START Working data

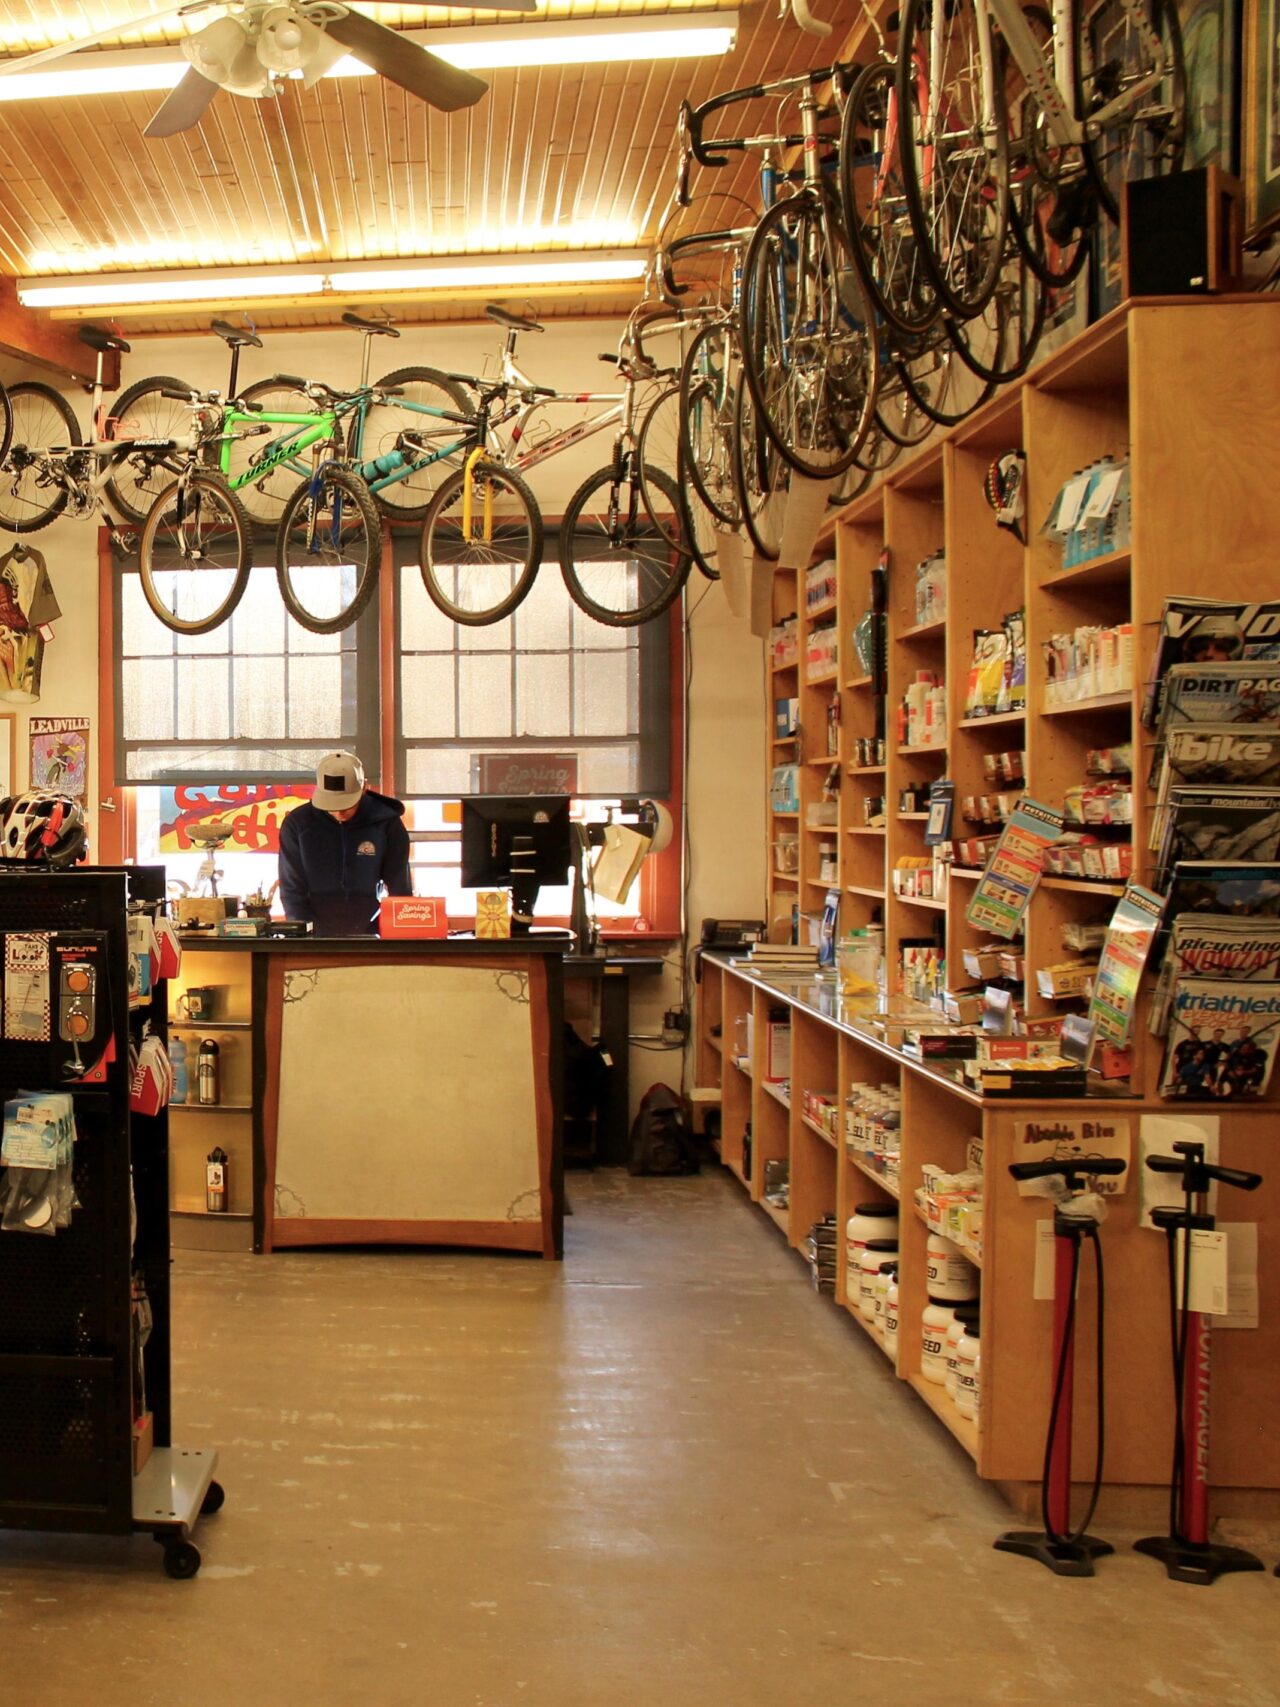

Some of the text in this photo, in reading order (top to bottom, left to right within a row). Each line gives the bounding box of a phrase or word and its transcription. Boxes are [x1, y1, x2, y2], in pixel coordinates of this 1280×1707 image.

[237, 441, 299, 487] TURNER
[410, 451, 440, 472] YETI
[1182, 679, 1236, 693] DIRT
[30, 719, 89, 734] LEADVILLE
[1177, 733, 1273, 761] bike
[505, 765, 570, 784] Spring
[397, 911, 432, 921] Savings
[402, 904, 431, 914] Spring
[131, 1063, 148, 1099] SPORT
[1086, 1174, 1118, 1194] You

END Working data

| What is being asked |
Repeat the records above word for word. Pictures stay out of the copy.

| The answer |
Some of the text in this photo, in reading order (top to bottom, left to right within a row). Each line gives the bounding box of a phrase or word and its transcription. Boxes are [x1, y1, x2, y2], in pixel coordinates of this 1280×1707 image.

[237, 441, 299, 487] TURNER
[410, 451, 440, 472] YETI
[1182, 679, 1236, 693] DIRT
[30, 719, 89, 734] LEADVILLE
[1177, 733, 1273, 761] bike
[505, 765, 570, 784] Spring
[397, 911, 432, 921] Savings
[402, 904, 431, 914] Spring
[131, 1063, 148, 1099] SPORT
[1086, 1174, 1118, 1194] You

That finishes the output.